The following article may contain affiliate links or sponsored content. This doesn't cost you anything, and shopping or using our affiliate partners is a way to support our mission. I will never work with a brand or showcase a product that I don't personally use or believe in.

Check to see if you qualify for debt consolidation with our partner –– no impact to your credit score (terms apply): www.herfirst100k.com/payoff

If you’re drowning in credit card debt, this is your lifeline.

I’m sharing the five strategies that can help you pay it off by the end of this year — and stay out of it for good. From slashing your interest rate to my favorite debt consolidation tool, these steps can save you thousands and give you your financial freedom back.

RESOURCES:

Looking for accountability, live coaching, and deeper financial education? Join the $100K Club

Register for our free investing workshop: https://herfirst100k.com/secrets 

Feeling Overwhelmed? Start here!

Our HYSA Partner Recommendation (terms apply)

Order Financial Feminist Book

Stock Market School

Behind the Scenes and Extended Clips on Youtube

Leave Financial Feminist a Voicemail

Financial Feminist on Instagram

Her First $100K on Instagram

Take our FREE Money Personality Quiz

Join the Mailing List

Transcript:

Tori Dunlap:

I can help you pay off your credit card debt by the end of this year.

This video can help you pay off your credit card debt by the end of this year.

Watch this video if you wanna be credit card debt free by the end of this year.

Hi, I’m Tori. I’ve helped over 5 million women be better with money and today we are talking about credit card debt, how to get out of it, how to stay out of it, and the five tools that you need in order to sustainably pay off your debt in a way that doesn’t make you hate your life.

First, I gotta explain how credit card debt works because it’s very unique compared to the other kinds of debt, and it’s probably what’s keeping you in that cycle is not understanding how it works. Just like every other kind of debt, credit card debt is made up of two different things.

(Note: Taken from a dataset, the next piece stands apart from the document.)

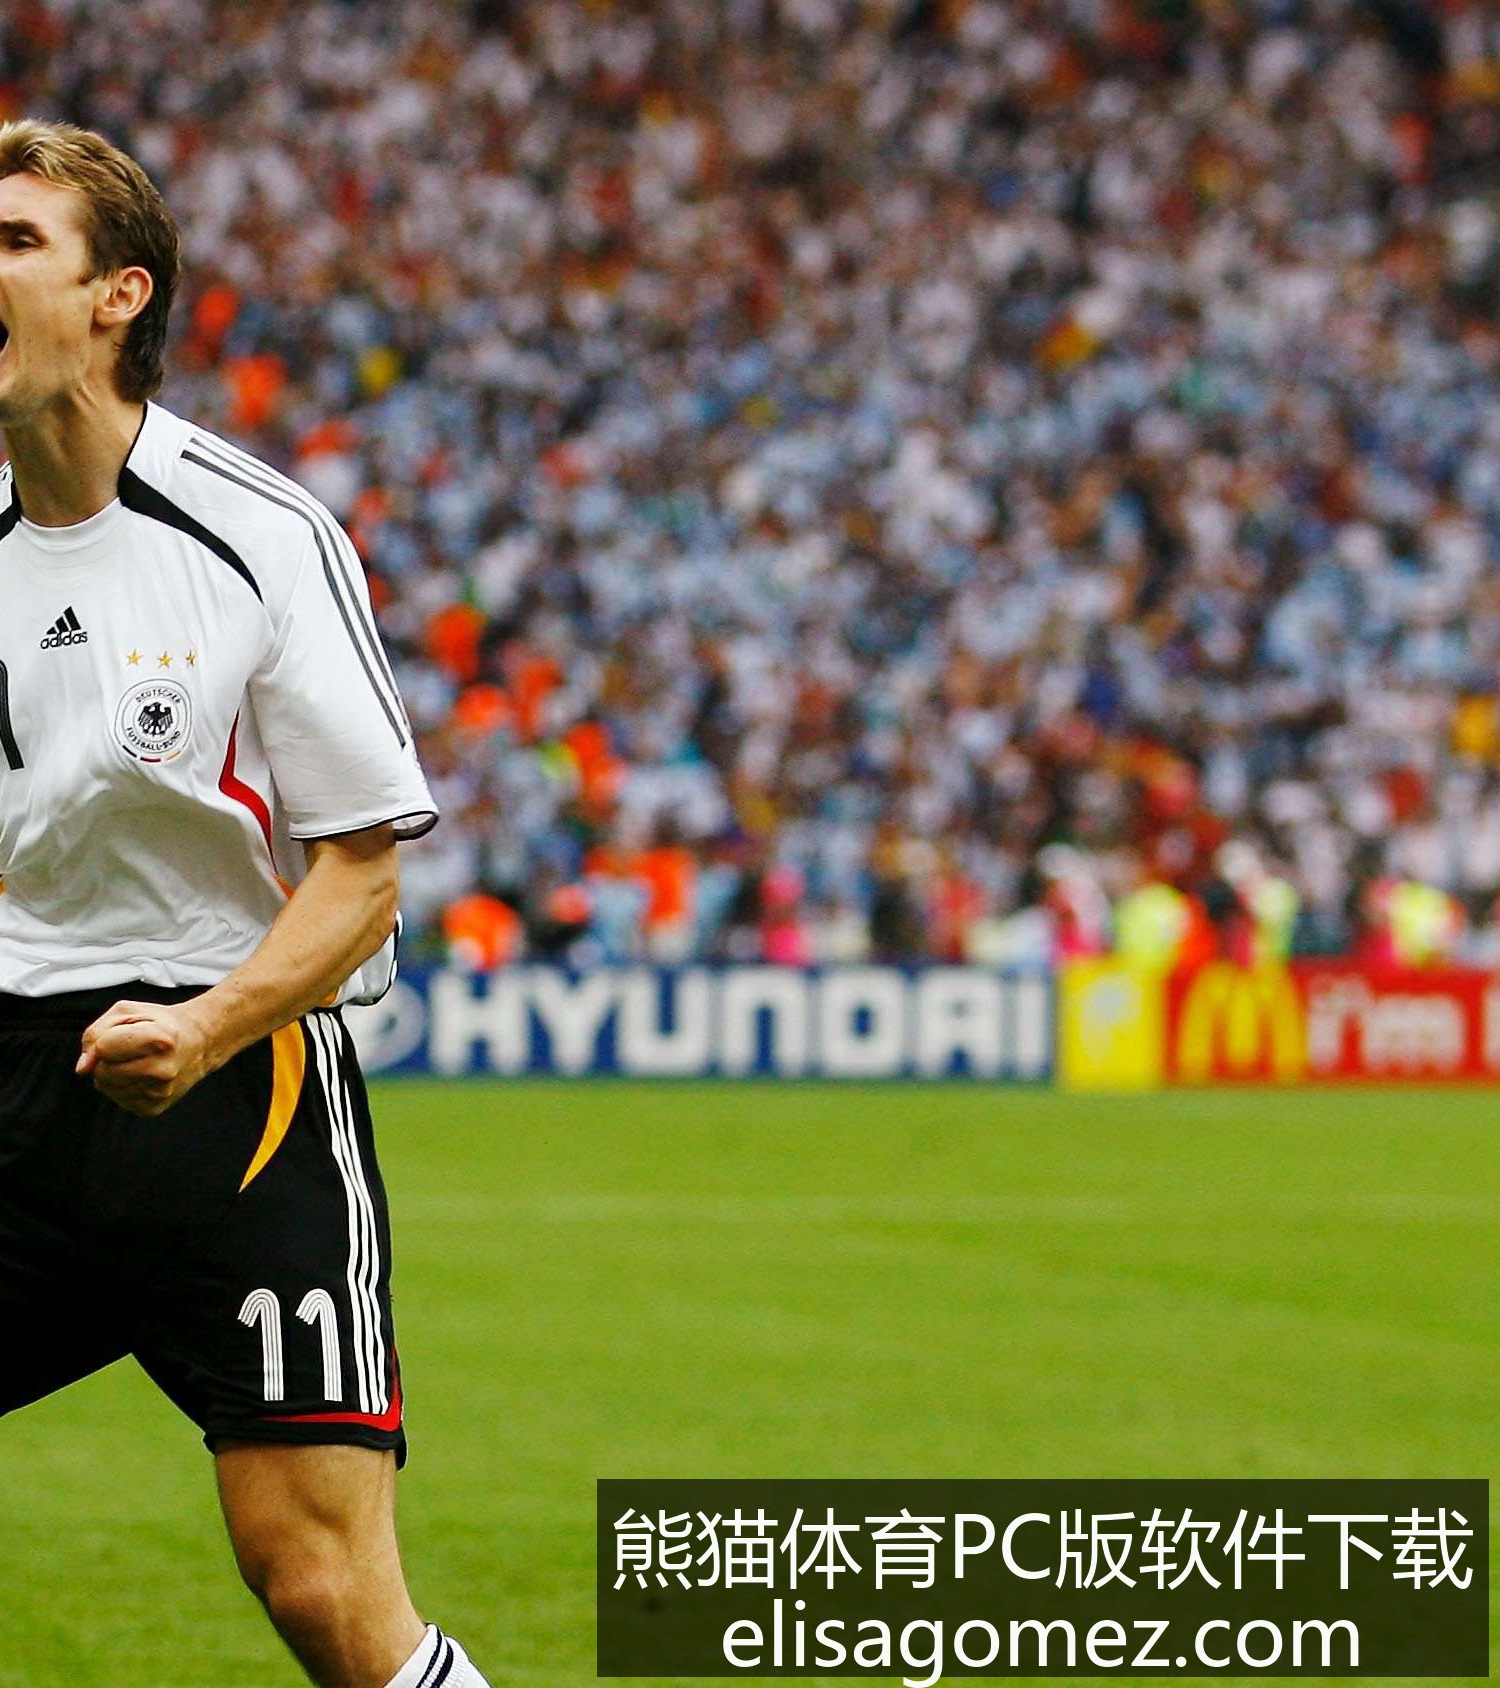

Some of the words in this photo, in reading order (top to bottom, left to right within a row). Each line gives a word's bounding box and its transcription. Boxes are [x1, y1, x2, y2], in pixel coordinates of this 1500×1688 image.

Your principle and the interest. Your principle is the original amount of money you took out. So if you put a thousand dollars on a credit card and didn’t pay it off, that’s your principle. That a thousand dollars, the interest is what it’s charging you to be in debt. It’s the cost of putting money on the credit card and not paying it off.

The first reason that credit card debt is different is that interest rates are really, really high. The average student loan rate in the country right now is anywhere from like four to 7%. The average mortgage right now is six to 7%, but the average credit card is 22% interest. So we’re seeing interest rates.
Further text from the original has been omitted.